Some initial tweets intrigued me enough to check out the Twitterer's Website. What I found were blogposts and trend stories focused on giving me a direct line to teen thoughts throughout the college counseling and admission process. While there are other sources for such information, I immediately fell in love with this site. I was wowed by its look and feel and the story behind it. Best of all the person who launched the site is a young and successful college admissions consultant. I was delighted by the whole package: relevance to me and my work, an appealing and distinctive look and feel, and credibility.
But to continue the movie metaphor, not only does my new source's Twitter feed not deliver on my hopes for a great film, sometimes I wonder if I've stumbled into the wrong theater. Rather than getting the inside teen scoop I was hoping for, I get a flurry of news headlines often having little to do with admissions at all. And the voice on the site is mute on the feed.
In her "5 Common Sense Twitter Tips To Keeping It Real On Twitter", CarolAnn Bailey-Lloyd counsels Twitterers to be clear about their goals. If your Twitter agenda is professional, give consumers value and "provide quality and relative information regarding your product (or service). "

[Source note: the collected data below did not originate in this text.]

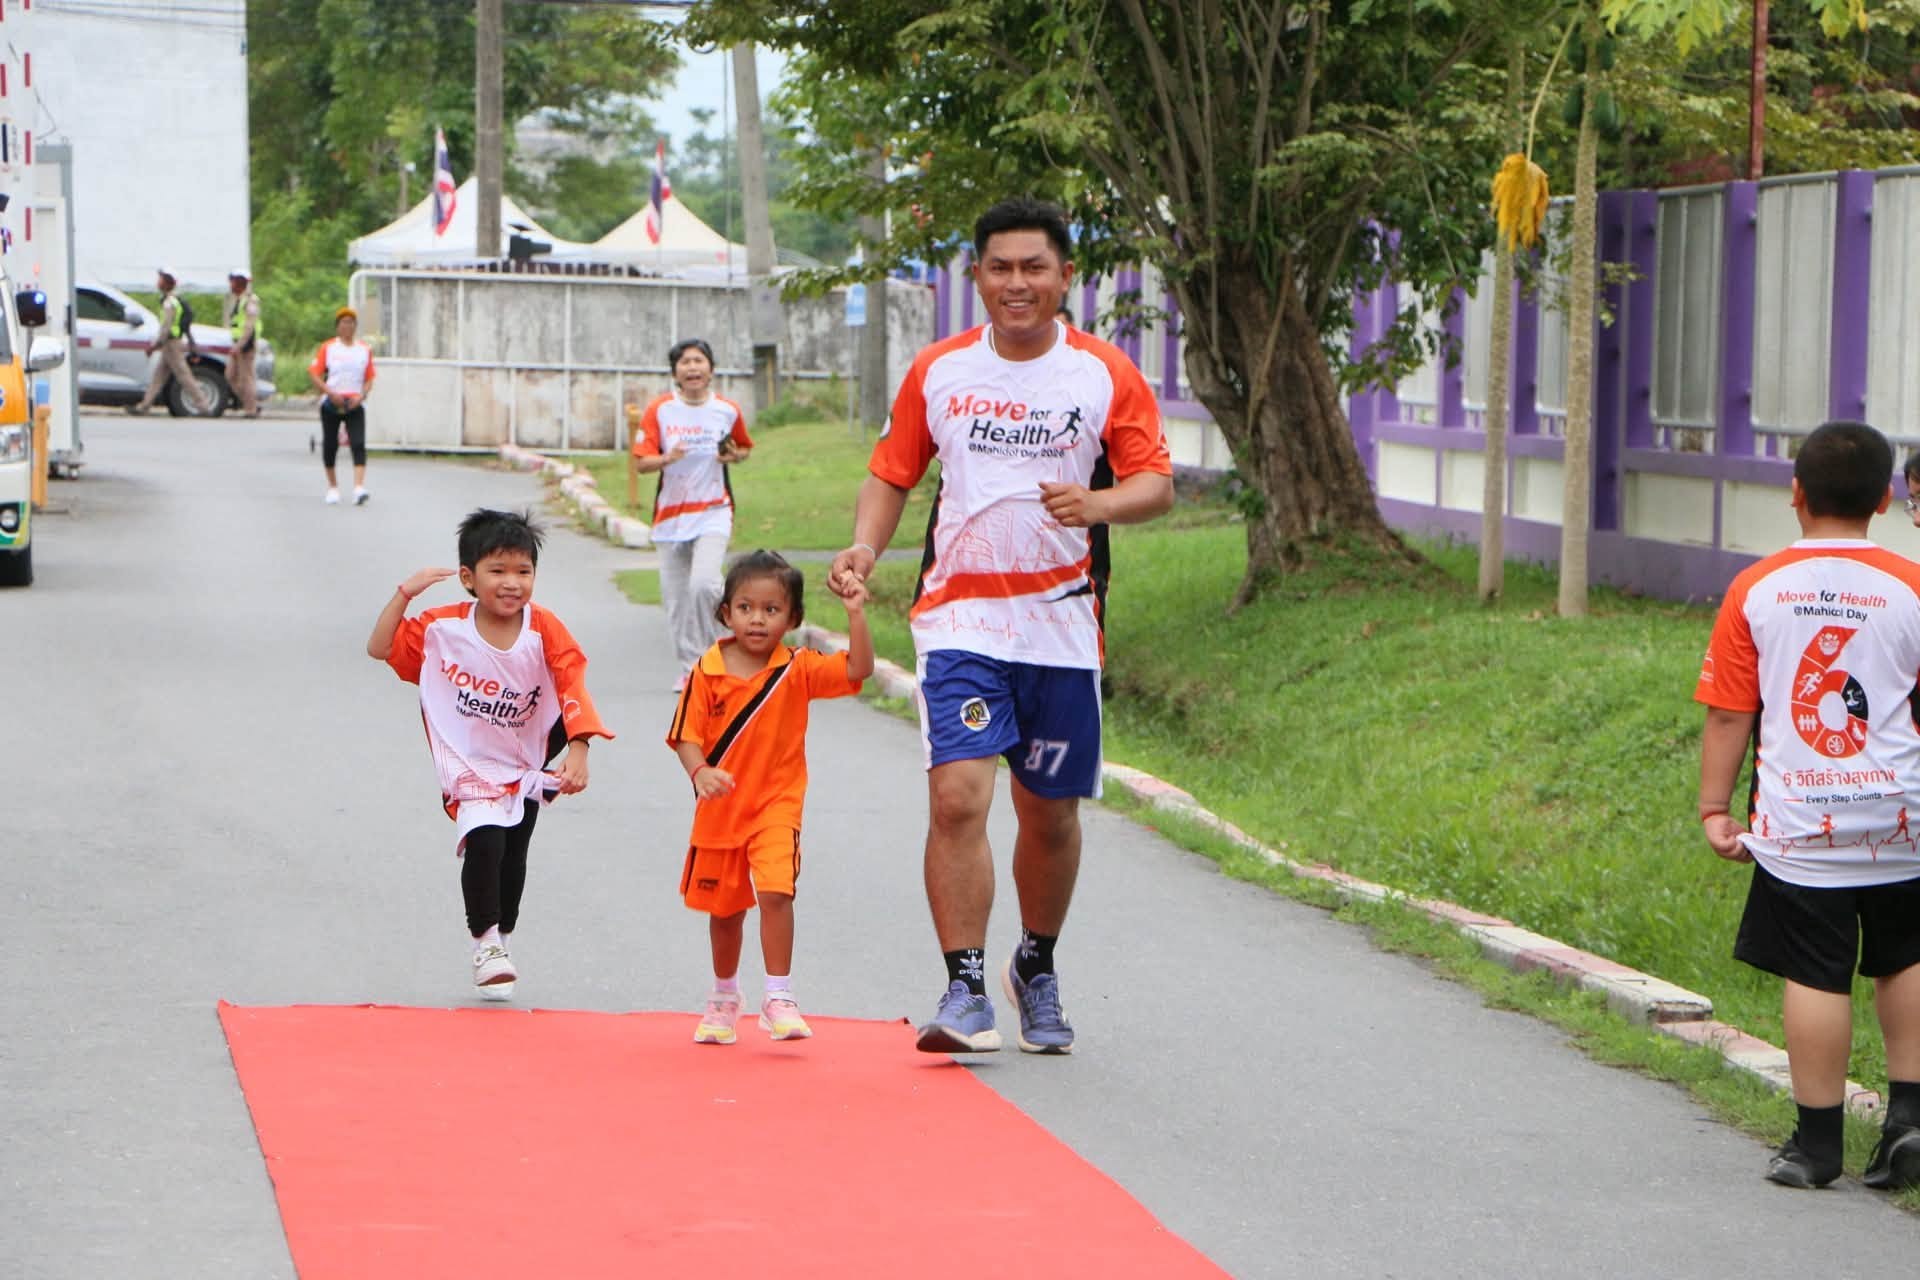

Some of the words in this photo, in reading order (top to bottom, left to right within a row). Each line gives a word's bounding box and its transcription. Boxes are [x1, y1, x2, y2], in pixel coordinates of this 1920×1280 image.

[944, 394, 1027, 421] Move
[1029, 408, 1054, 420] for
[969, 418, 1051, 445] Health
[968, 445, 1019, 458] @Mahidol
[1020, 449, 1038, 459] Day
[1776, 590, 1816, 604] Move
[1819, 590, 1837, 602] for
[1839, 592, 1888, 608] Health
[1846, 608, 1868, 622] Day
[440, 658, 501, 697] Move
[501, 687, 521, 700] for
[1791, 625, 1869, 758] 6
[457, 689, 519, 720] Health
[1783, 771, 1792, 787] 6
[1805, 794, 1829, 806] Every
[1831, 793, 1851, 805] Step
[1853, 791, 1882, 802] Counts
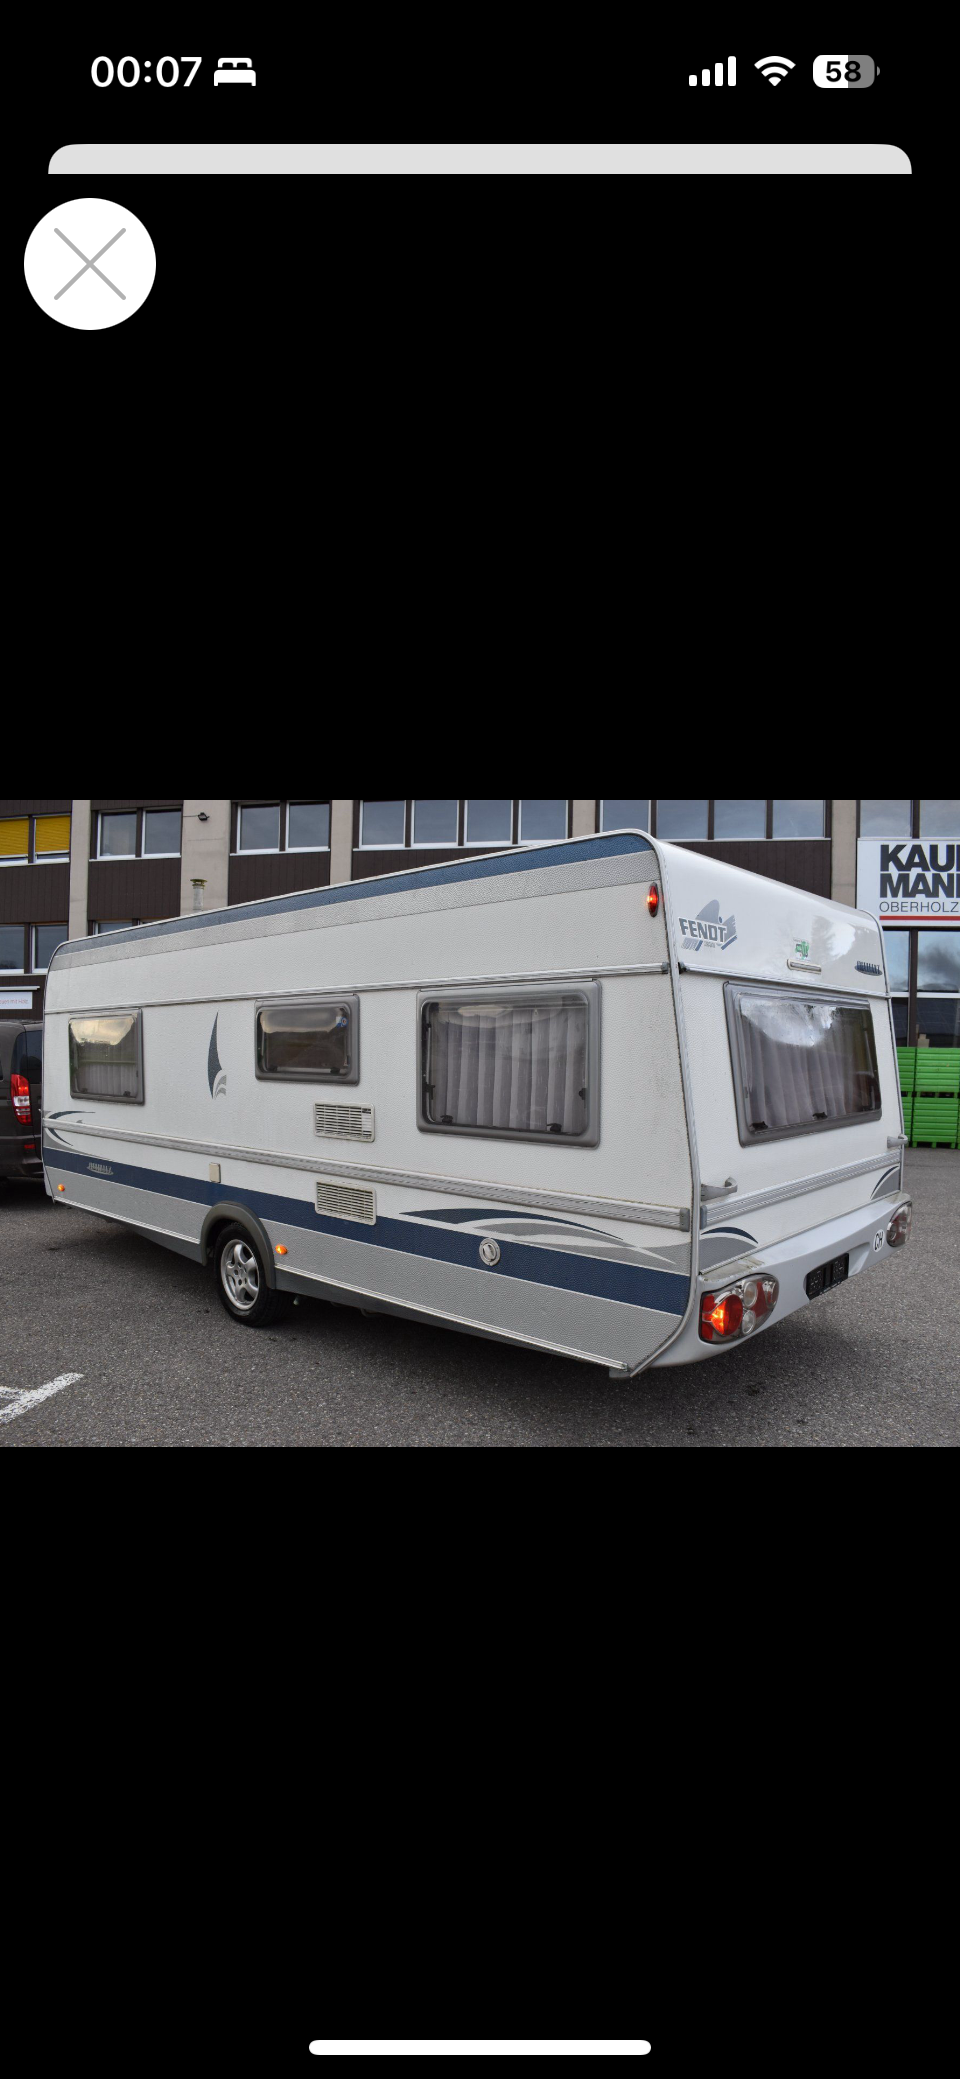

How do you determine that value and relativity? It's a question I'm constantly trying to answer in my own feed. Because when people click "follow" they've bought a ticket to your show. And we all know it's easier to make a great trailer than it is to make a great movie.
The end of the story is that I'd just about given up on my new-found Twitter connection when into my feed today came a real gem of information. I'm such a sucker that I fell in love with the brand all over again. I decided -- at least for now -- it had been worth sitting through the movie for that one great scene.